■ Work to complete ■
Given the records below, set each one down again exactly as it reads.

[Data records]
################

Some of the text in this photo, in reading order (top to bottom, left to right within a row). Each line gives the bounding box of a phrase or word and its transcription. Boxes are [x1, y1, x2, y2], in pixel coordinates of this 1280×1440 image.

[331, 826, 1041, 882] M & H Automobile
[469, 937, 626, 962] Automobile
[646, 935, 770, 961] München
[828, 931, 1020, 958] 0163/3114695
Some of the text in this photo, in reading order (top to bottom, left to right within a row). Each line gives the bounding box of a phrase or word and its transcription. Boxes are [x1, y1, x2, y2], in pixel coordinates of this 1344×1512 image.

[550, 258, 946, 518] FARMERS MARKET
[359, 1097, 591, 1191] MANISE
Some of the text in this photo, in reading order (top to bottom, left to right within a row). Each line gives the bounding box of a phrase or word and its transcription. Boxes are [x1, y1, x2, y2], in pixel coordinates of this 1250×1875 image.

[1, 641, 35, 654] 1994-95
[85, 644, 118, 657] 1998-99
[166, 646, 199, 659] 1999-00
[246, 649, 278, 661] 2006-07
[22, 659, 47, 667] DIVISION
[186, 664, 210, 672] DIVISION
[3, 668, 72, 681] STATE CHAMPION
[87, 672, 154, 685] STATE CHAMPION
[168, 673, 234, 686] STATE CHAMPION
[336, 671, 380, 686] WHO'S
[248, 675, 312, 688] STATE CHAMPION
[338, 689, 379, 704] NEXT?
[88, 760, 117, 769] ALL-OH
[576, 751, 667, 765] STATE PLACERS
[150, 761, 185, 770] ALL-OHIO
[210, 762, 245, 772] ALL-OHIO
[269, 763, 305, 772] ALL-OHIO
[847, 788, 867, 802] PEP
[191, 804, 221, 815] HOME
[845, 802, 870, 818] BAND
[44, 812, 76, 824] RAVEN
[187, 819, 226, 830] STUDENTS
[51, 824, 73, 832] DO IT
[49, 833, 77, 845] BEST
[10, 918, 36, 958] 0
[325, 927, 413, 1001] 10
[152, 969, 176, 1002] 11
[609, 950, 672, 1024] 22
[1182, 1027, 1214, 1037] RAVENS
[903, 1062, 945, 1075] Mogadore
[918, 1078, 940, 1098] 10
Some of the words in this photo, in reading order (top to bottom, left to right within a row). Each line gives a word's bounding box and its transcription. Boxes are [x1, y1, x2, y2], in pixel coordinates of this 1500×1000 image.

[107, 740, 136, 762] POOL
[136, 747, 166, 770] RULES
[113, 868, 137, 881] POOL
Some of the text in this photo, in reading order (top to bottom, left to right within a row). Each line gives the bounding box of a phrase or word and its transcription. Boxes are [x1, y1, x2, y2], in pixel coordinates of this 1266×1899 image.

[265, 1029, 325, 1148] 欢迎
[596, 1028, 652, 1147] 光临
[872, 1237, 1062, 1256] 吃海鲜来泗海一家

################

■ The answer ■
Some of the text in this photo, in reading order (top to bottom, left to right within a row). Each line gives the bounding box of a phrase or word and its transcription. Boxes are [x1, y1, x2, y2], in pixel coordinates of this 1280×1440 image.

[331, 826, 1041, 882] M & H Automobile
[469, 937, 626, 962] Automobile
[646, 935, 770, 961] München
[828, 931, 1020, 958] 0163/3114695
Some of the text in this photo, in reading order (top to bottom, left to right within a row). Each line gives the bounding box of a phrase or word and its transcription. Boxes are [x1, y1, x2, y2], in pixel coordinates of this 1344×1512 image.

[550, 258, 946, 518] FARMERS MARKET
[359, 1097, 591, 1191] MANISE
Some of the text in this photo, in reading order (top to bottom, left to right within a row). Each line gives the bounding box of a phrase or word and its transcription. Boxes are [x1, y1, x2, y2], in pixel coordinates of this 1250×1875 image.

[1, 641, 35, 654] 1994-95
[85, 644, 118, 657] 1998-99
[166, 646, 199, 659] 1999-00
[246, 649, 278, 661] 2006-07
[22, 659, 47, 667] DIVISION
[186, 664, 210, 672] DIVISION
[3, 668, 72, 681] STATE CHAMPION
[87, 672, 154, 685] STATE CHAMPION
[168, 673, 234, 686] STATE CHAMPION
[336, 671, 380, 686] WHO'S
[248, 675, 312, 688] STATE CHAMPION
[338, 689, 379, 704] NEXT?
[88, 760, 117, 769] ALL-OH
[576, 751, 667, 765] STATE PLACERS
[150, 761, 185, 770] ALL-OHIO
[210, 762, 245, 772] ALL-OHIO
[269, 763, 305, 772] ALL-OHIO
[847, 788, 867, 802] PEP
[191, 804, 221, 815] HOME
[845, 802, 870, 818] BAND
[44, 812, 76, 824] RAVEN
[187, 819, 226, 830] STUDENTS
[51, 824, 73, 832] DO IT
[49, 833, 77, 845] BEST
[10, 918, 36, 958] 0
[325, 927, 413, 1001] 10
[152, 969, 176, 1002] 11
[609, 950, 672, 1024] 22
[1182, 1027, 1214, 1037] RAVENS
[903, 1062, 945, 1075] Mogadore
[918, 1078, 940, 1098] 10
Some of the words in this photo, in reading order (top to bottom, left to right within a row). Each line gives a word's bounding box and its transcription. Boxes are [x1, y1, x2, y2], in pixel coordinates of this 1500×1000 image.

[107, 740, 136, 762] POOL
[136, 747, 166, 770] RULES
[113, 868, 137, 881] POOL
Some of the text in this photo, in reading order (top to bottom, left to right within a row). Each line gives the bounding box of a phrase or word and its transcription. Boxes are [x1, y1, x2, y2], in pixel coordinates of this 1266×1899 image.

[265, 1029, 325, 1148] 欢迎
[596, 1028, 652, 1147] 光临
[872, 1237, 1062, 1256] 吃海鲜来泗海一家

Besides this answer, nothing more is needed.